Wood Fuel for a low energy future

On the evening of Thursday 19th July Transition Town Westcliff supporter and wood burner installer Jay Scarlett gave an excellent presentation regarding the potential of wood as a fuel for a low carbon, post-cheap oil future;

Current energy and environmental issues are on all our minds. With gas and oil prices rising and stocks depleting the mention of renewable energy is no longer just the concern of the green ones among us. One answer lies in the sustainable management (coppicing) and replanting of our local indigenous woodlands in harmony with urban and rural society.

Coppice is an ancient woodland industry, mastered in the Tudor era. Sustainable sections of forest were harvested to produce a variety of products, from firewood to battleships. The coppice was regulated by a statute of Henry VIII, which required woods to be enclosed after cutting (to prevent browsing by animals) and 12 standards (mature uncut trees) to be left in each acre and be grown as structural timber.

Traditionally the coppice takes place on a 10-20 year rotation depending on the product needed. Young tree stems are cut down to the stump (stool), which re-grow producing multiple stems called poles. This process is especially beneficial for plant and wildlife as a wide variety of habitats unfold. The sunlight (previously blocked by dominant trees) reaches the woodland floor to release dormant flora such as bluebells and orchids. Trees that are well managed live longer, support local biodiversity and consume more carbon dioxide.

As a tree grows it absorbs carbon from the atmosphere, when the tree is burnt or left to rot, the same amount of carbon is released again. This is known as a carbon neutral cycle. The heat produced by burning wood can be seen as the warmth of the sun, stored in the trees through the process of photosynthesis. When the sun abandons us during the cold dark days of winter, we liberate the suns heat through reverse photosynthesis, like every other cycle in nature, every process has its opposite.

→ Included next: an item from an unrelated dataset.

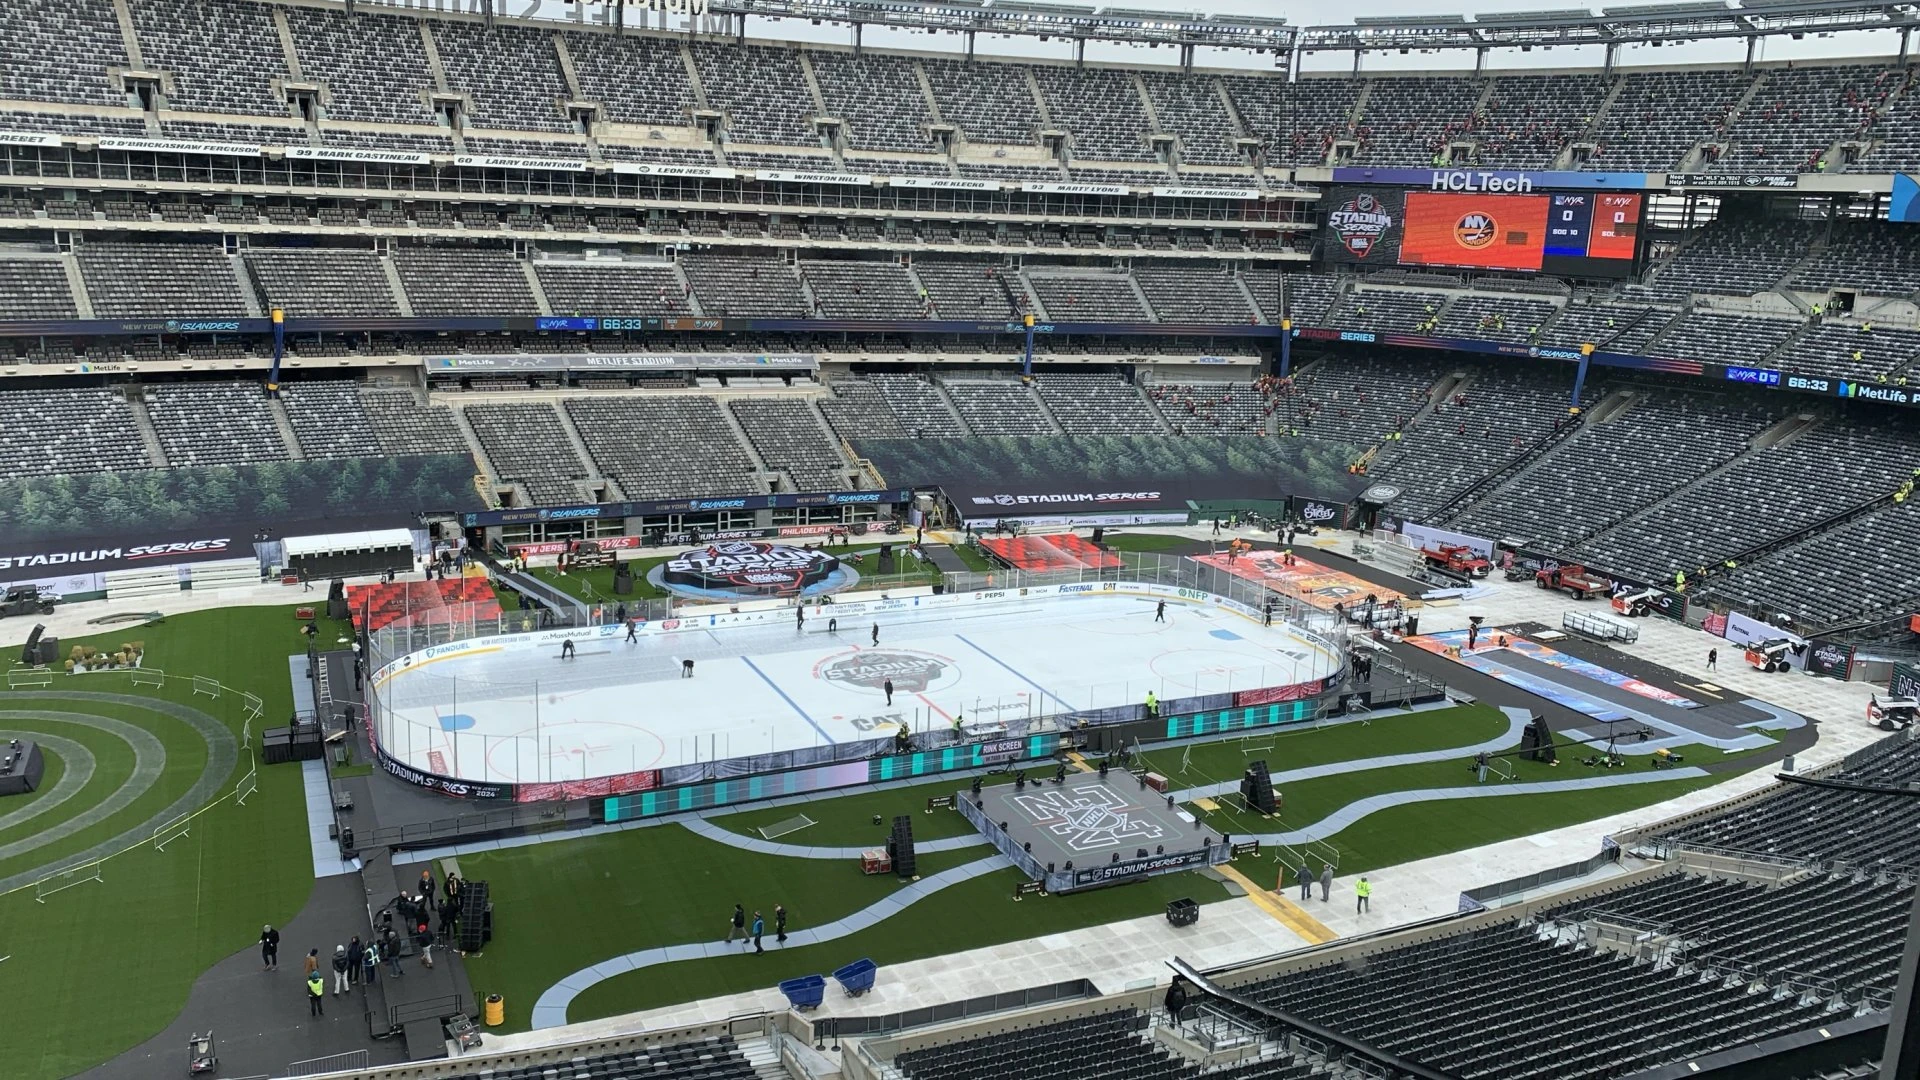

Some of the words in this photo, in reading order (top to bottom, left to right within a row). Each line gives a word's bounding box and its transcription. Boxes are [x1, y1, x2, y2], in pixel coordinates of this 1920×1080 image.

Our concept is to make woodlands self sufficient. We show daily that wood burning can be eased into modern lifestyles through the education of ours and our children’s generation to use sustainable wood as a real and necessary carbon neutral alternative to fossil fuels. Heating your home with logs can mean that your energy bill incurs no standing charge and is paid directly to the local forest industry that manage our woodland, street and garden trees. In turn, local councils, farmers and land owners see tree planting more favourably.

Having put wood burning and coppicing into a historical context, Jay then went on to explain its relevance as a potential low carbon fuel source for a future Westcliff, a large urban area. There have been some questions from sections of the Transition Movement about the viability of wood burning as a long term energy descent strategy, however Jay was clear that wood fuel is only part of the picture, stressing that in order to be a carbon neutral solution it needs to be;

* Chopped by hand or using minimal machinery
* Left to dry (season) in the woodland or local compound
* Delivered to the end user locally from where it was processed in measured quantities
* Graded for specific wood performance (calorific value) and stacked
correctly
* Burned in a well fitted, high efficiency stove, by a consumer educated in good user practice

Wood that is processed by large, oil-dependant industrial machinery and delivered around the country in diesel lorries is not carbon-neutral.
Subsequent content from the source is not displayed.